§ TASK STATEMENT
The required result is the exact run of lines beginning at the one containing "this 1280×1707 image." and ending at the last line of the entries.

§ DATA IN THIS EXERCISE
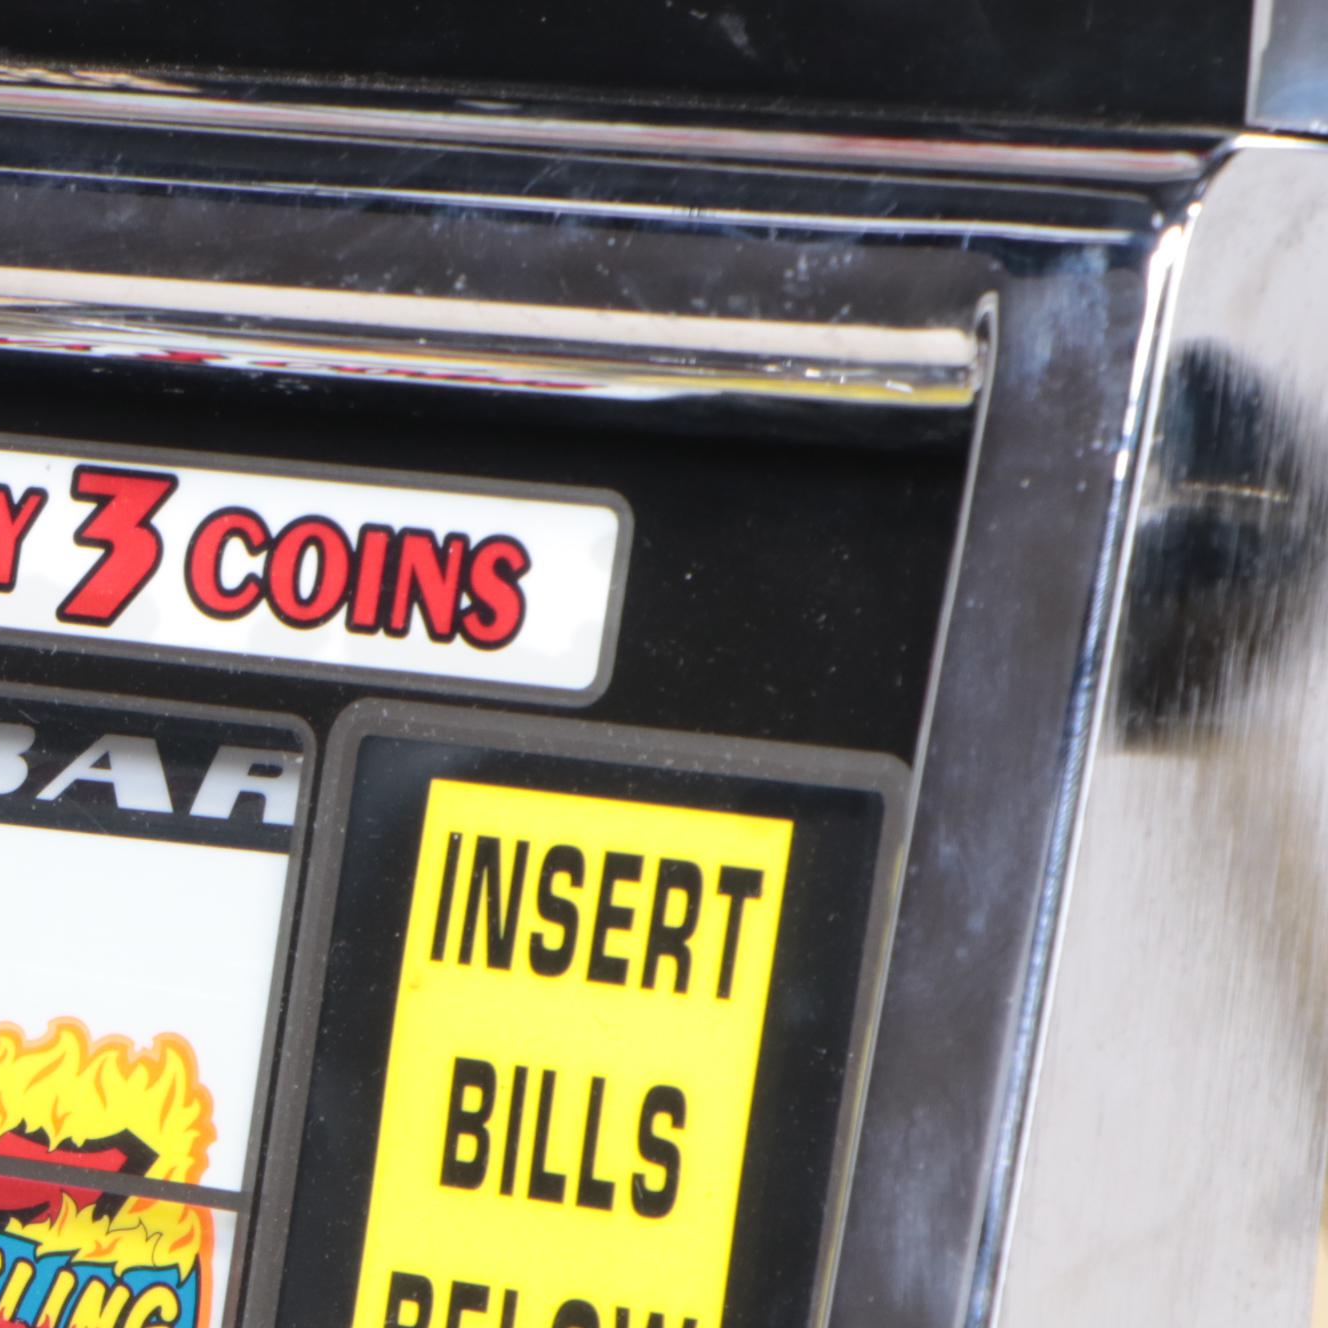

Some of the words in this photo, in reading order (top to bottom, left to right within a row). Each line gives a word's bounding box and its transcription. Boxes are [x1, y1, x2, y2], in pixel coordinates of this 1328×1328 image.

[55, 464, 180, 627] 3
[185, 507, 533, 652] COINS
[429, 831, 765, 1001] INSERT
[439, 1056, 688, 1220] BILLS
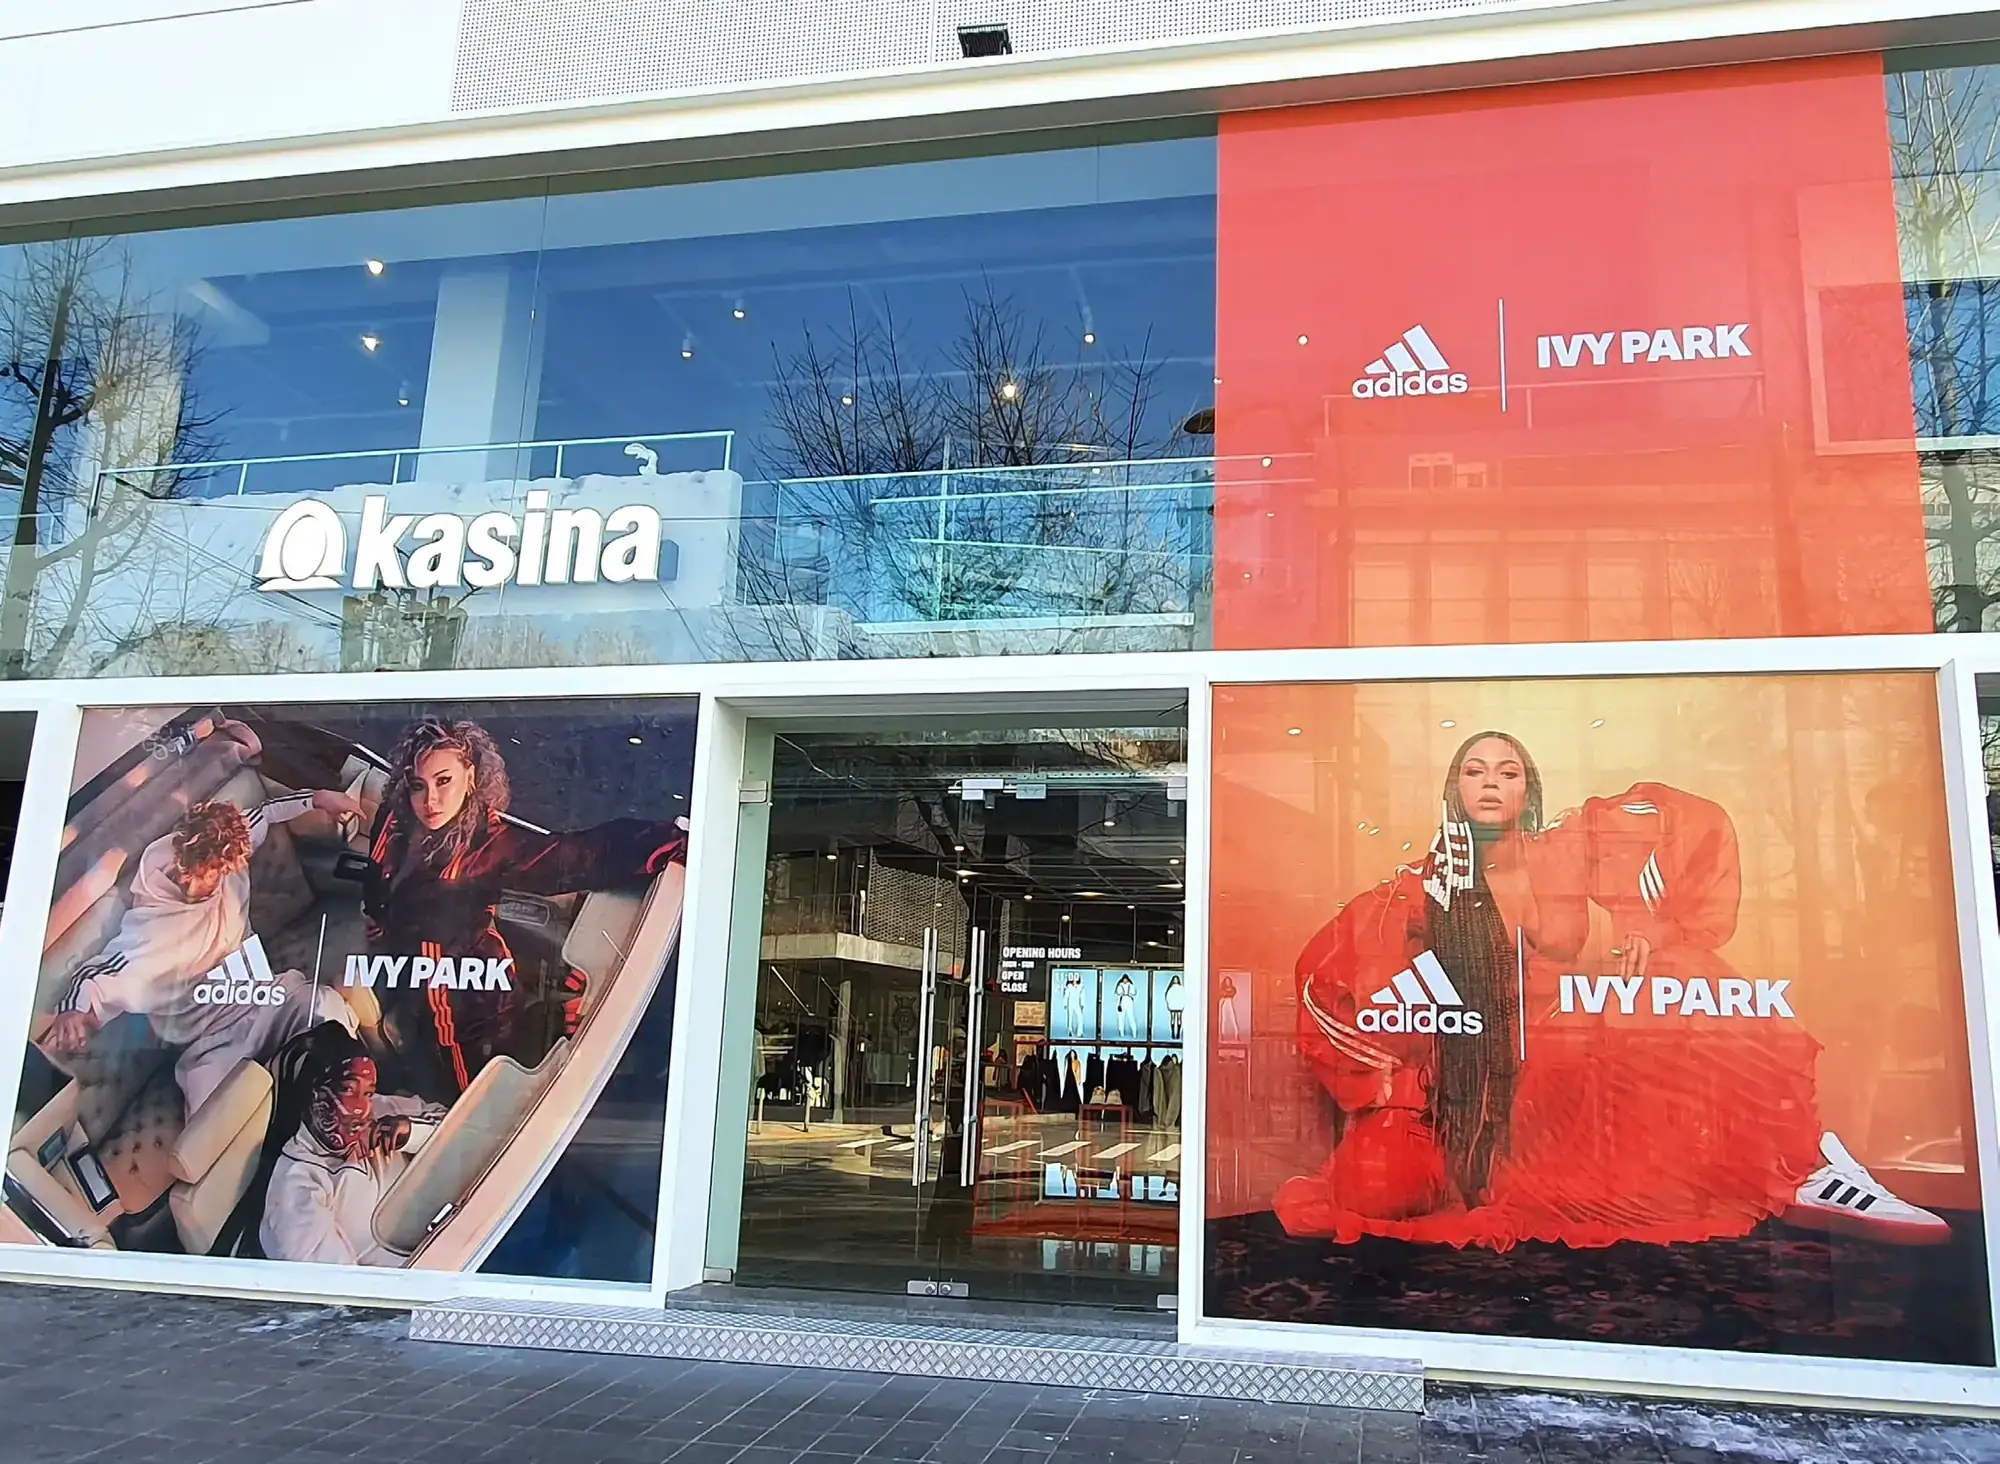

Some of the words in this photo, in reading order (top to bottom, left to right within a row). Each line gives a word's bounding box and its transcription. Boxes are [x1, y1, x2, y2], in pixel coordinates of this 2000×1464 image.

[1537, 333, 1615, 369] IVY
[1621, 323, 1753, 364] PARK
[1352, 371, 1469, 399] adidas
[354, 489, 661, 591] kasina
[1003, 946, 1046, 958] OPENING
[1047, 947, 1081, 959] HOURS
[344, 955, 409, 987] IVY
[410, 957, 513, 991] PARK
[1001, 971, 1024, 980] OPEN
[1001, 982, 1027, 992] CLOSE
[193, 979, 286, 1006] adidas
[1559, 975, 1644, 1014] IVY
[1651, 977, 1795, 1018] PARK
[1357, 1004, 1483, 1035] adidas
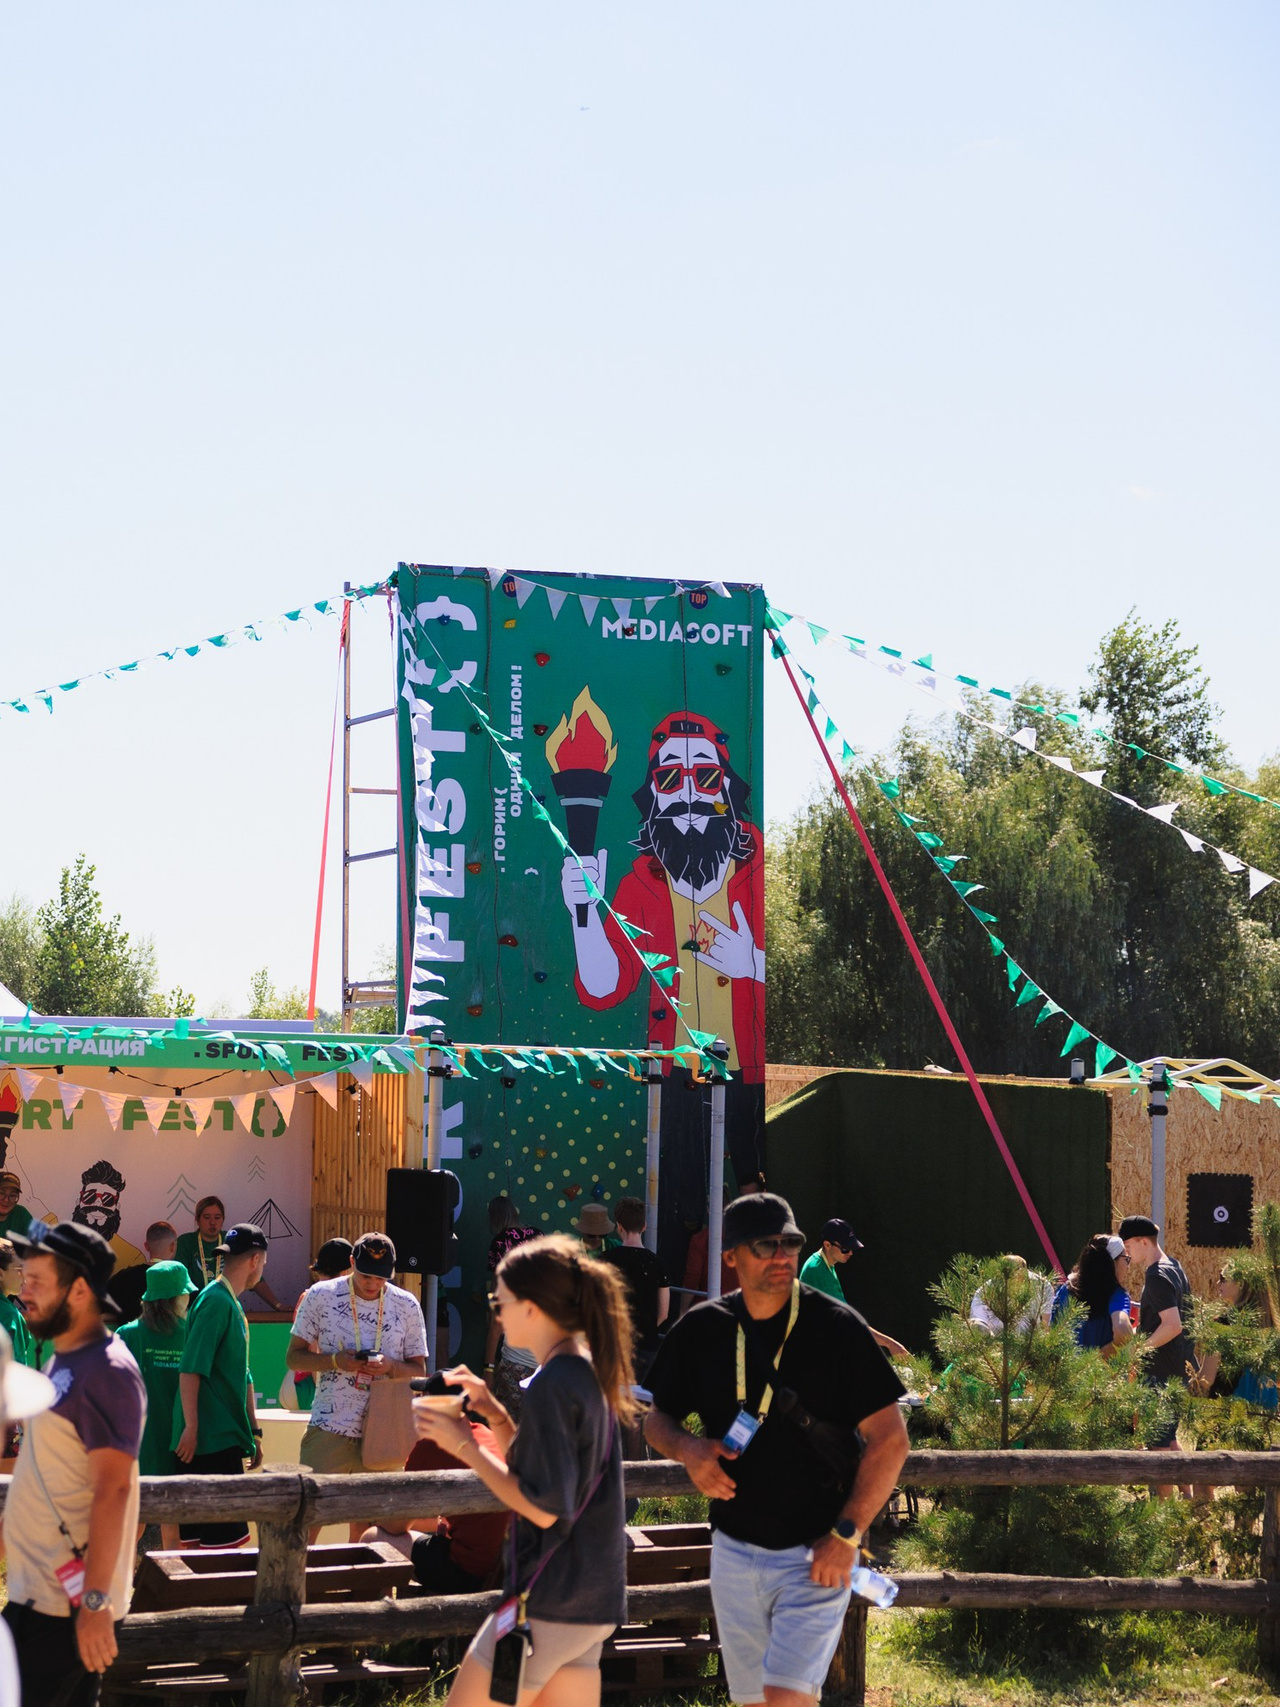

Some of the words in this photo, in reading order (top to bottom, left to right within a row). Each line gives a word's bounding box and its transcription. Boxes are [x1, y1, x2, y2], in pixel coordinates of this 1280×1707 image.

[504, 582, 515, 593] TO
[690, 593, 707, 604] TOP
[510, 665, 524, 739] ДЕЛОМ!

§ RESULT OF THE TASK
Some of the words in this photo, in reading order (top to bottom, left to right within a row). Each line gives a word's bounding box and its transcription. Boxes are [x1, y1, x2, y2], in pixel coordinates of this 1280×1707 image.

[504, 582, 515, 593] TO
[690, 593, 707, 604] TOP
[510, 665, 524, 739] ДЕЛОМ!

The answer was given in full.